WASHINGTON — The Supreme Court today denied review of a case involving a same-sex couple turned away from a flower shop because they are LGBTQ. The case is Arlene’s Flowers v. Washington.
American Civil Liberties Union clients Robert Ingersoll and Curt Freed asked a local flower shop to do the flowers for their wedding in 2013 and were refused service because they are a same-sex couple. Today’s decision lets stand the Washington State Supreme Court’s unanimous ruling that the Constitution does not grant a license to discriminate against LGBTQ people. In June, the Supreme Court issued a unanimous decision in Fulton v. City of Philadelphia in which the court refused to create a license to discriminate against LGBTQ people.
“Today the Supreme Court confirmed that LGBTQ people should receive equal service when they walk into a store,” said Ria Tabacco Mar, a lawyer with the ACLU representing the couple and the director of the ACLU Women’s Rights Project. “Planning a wedding was a joyful time for Rob and Curt until they were refused service at their local flower shop. No one should walk into a store and have to wonder whether they will be turned away because of who they are. Preventing that kind of humiliation and hurt is exactly why we have nondiscrimination laws. Yet 60 percent of states still don’t have express protections for LGBTQ people like the kind in Washington State. Our work isn’t over yet.”

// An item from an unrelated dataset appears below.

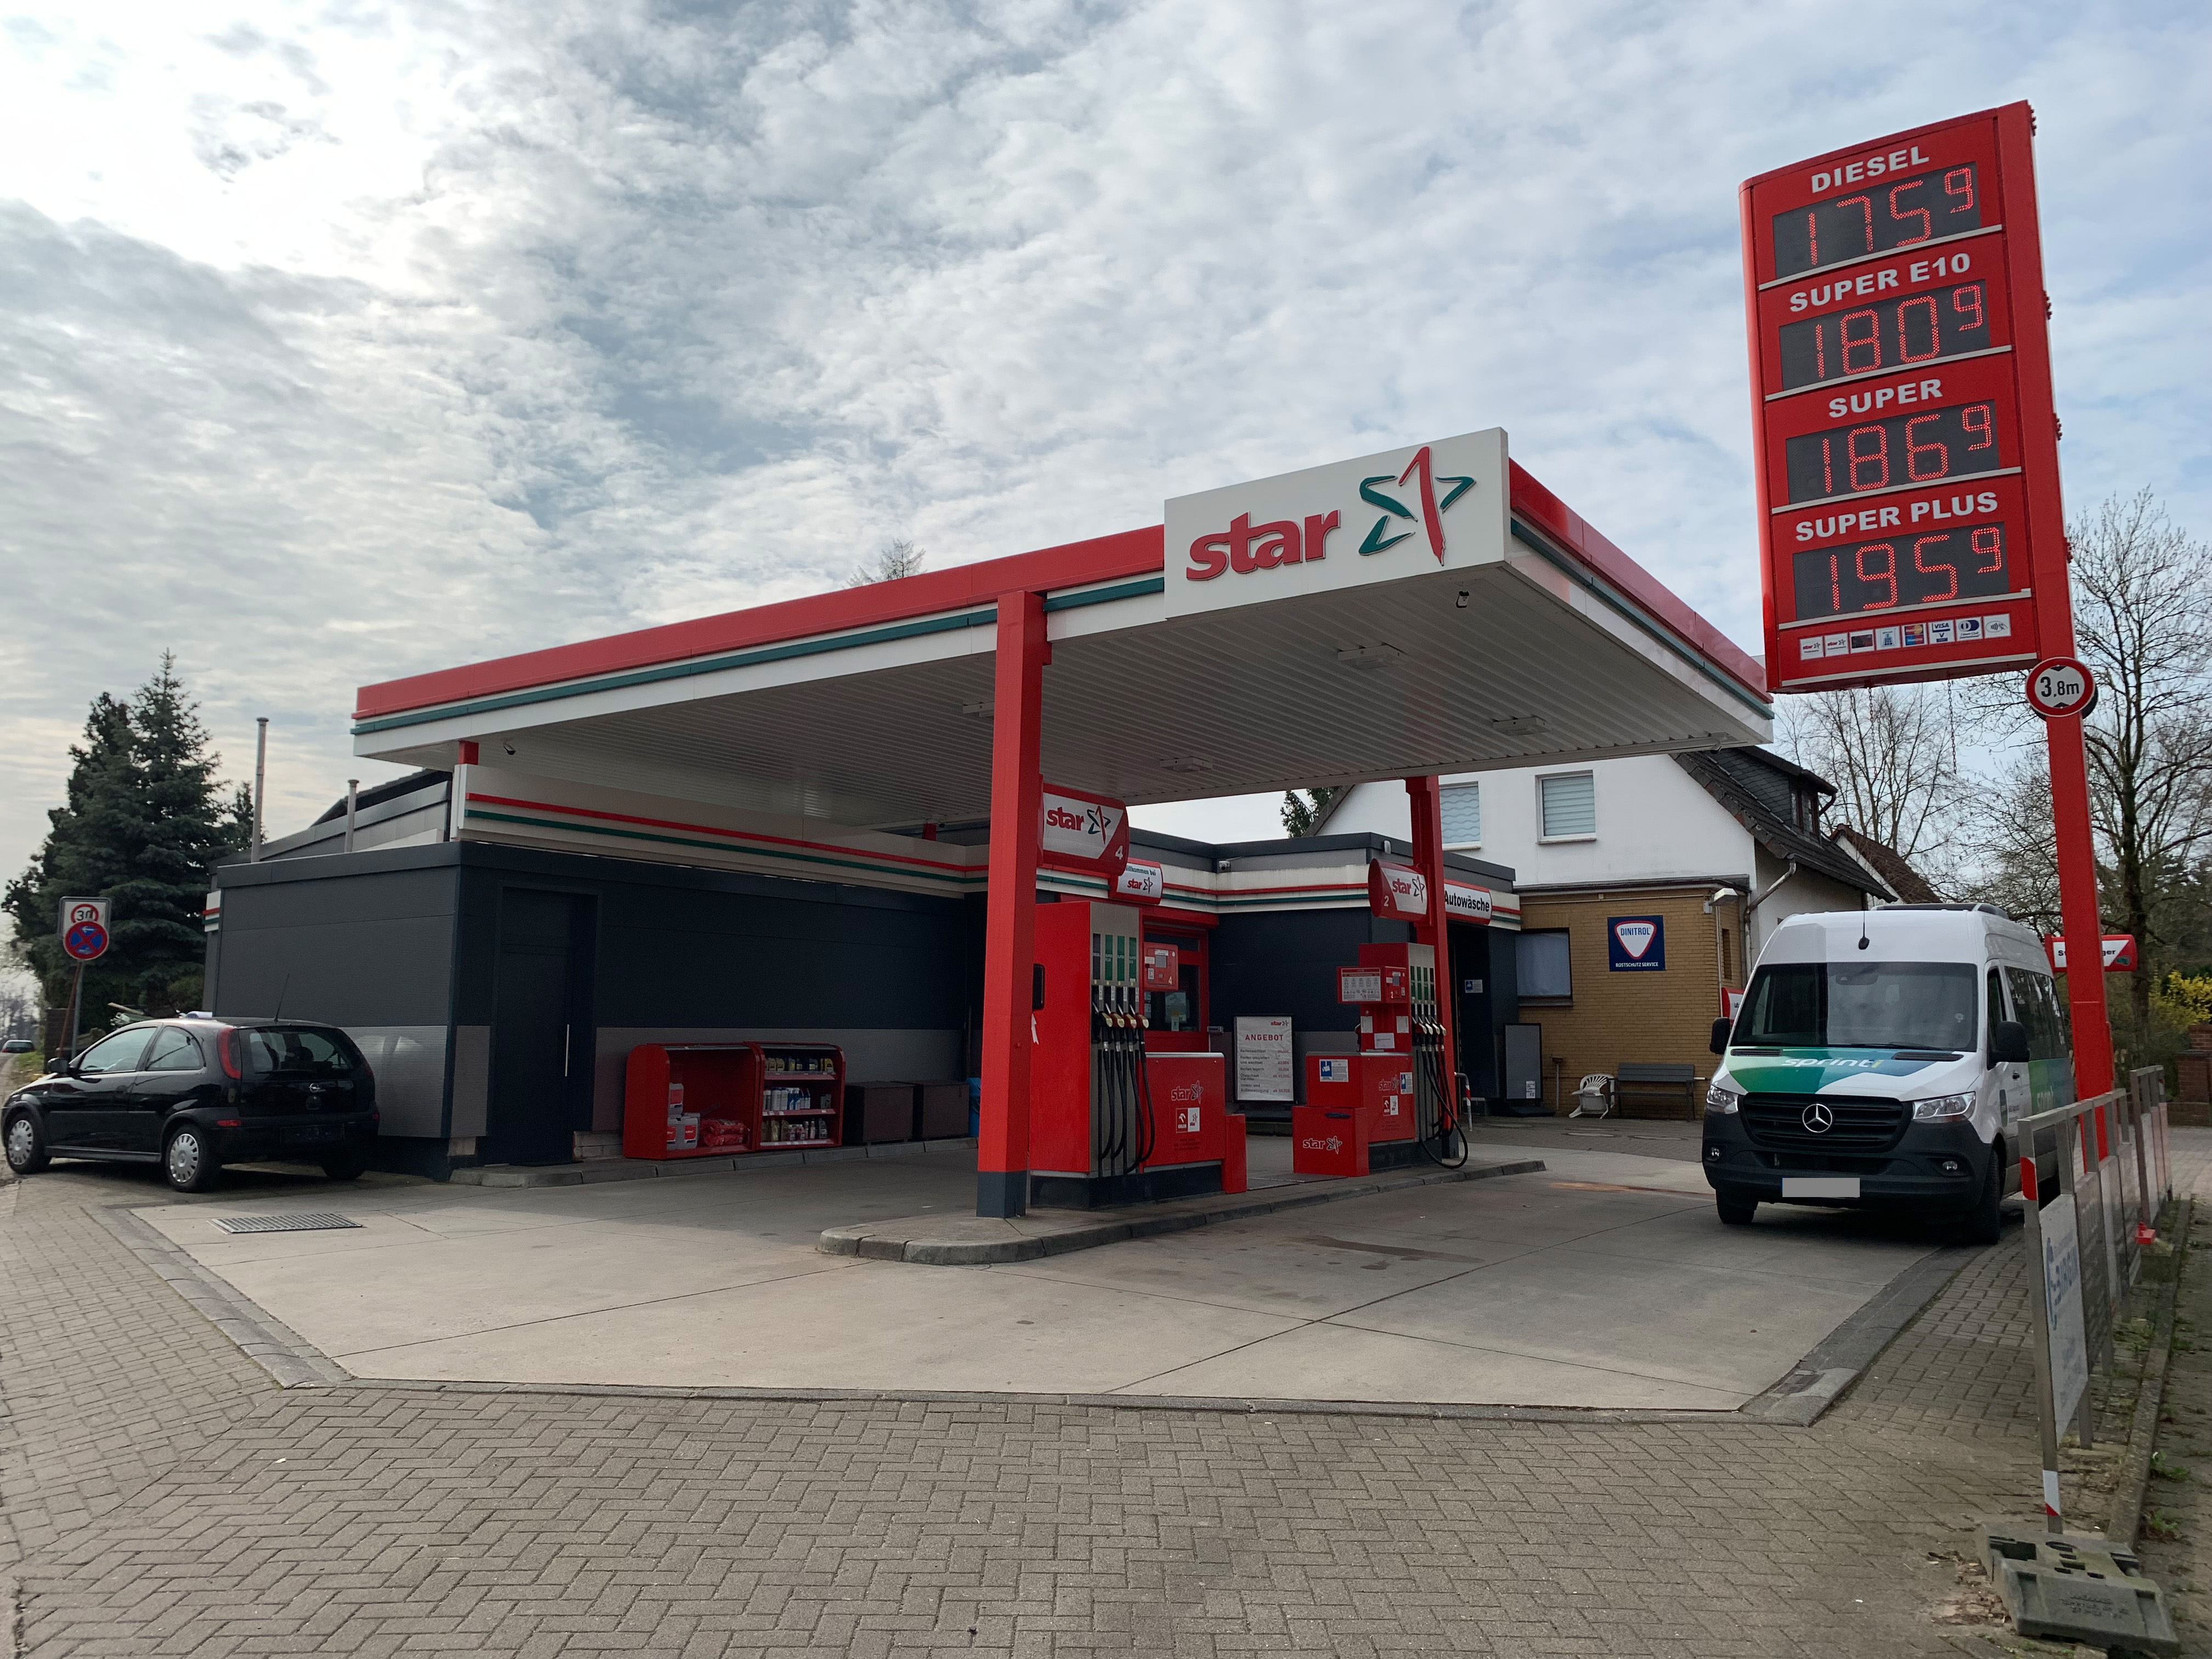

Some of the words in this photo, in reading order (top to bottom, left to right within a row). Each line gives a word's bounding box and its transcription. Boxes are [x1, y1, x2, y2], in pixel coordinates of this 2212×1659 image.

Robert Ingersoll said, “After Curt and I were turned away from our local flower shop, we cancelled the plans for our dream wedding because we were afraid it would happen again. We had a small ceremony at home instead. We hope this decision sends a message to other LGBTQ people that no one should have to experience the hurt that we did.”
In 2017, the Washington State Supreme Court ruled that turning Ingersoll and Freed away violated Washington’s law against discrimination and that the Constitution did not give the flower shop a right to discriminate. In 2018, the United States Supreme Court issued a decision in Masterpiece Cakeshop, a similar case involving a bakery that refused to sell a cake to a same-sex couple for their wedding. The high court ruled in favor of the bakery based on the way the state of Colorado had handled the case but did not decide the broader questions. After the Supreme Court’s decision in Masterpiece Cakeshop, the Washington State Supreme Court reaffirmed its earlier decision in favor of Ingersoll and Freed.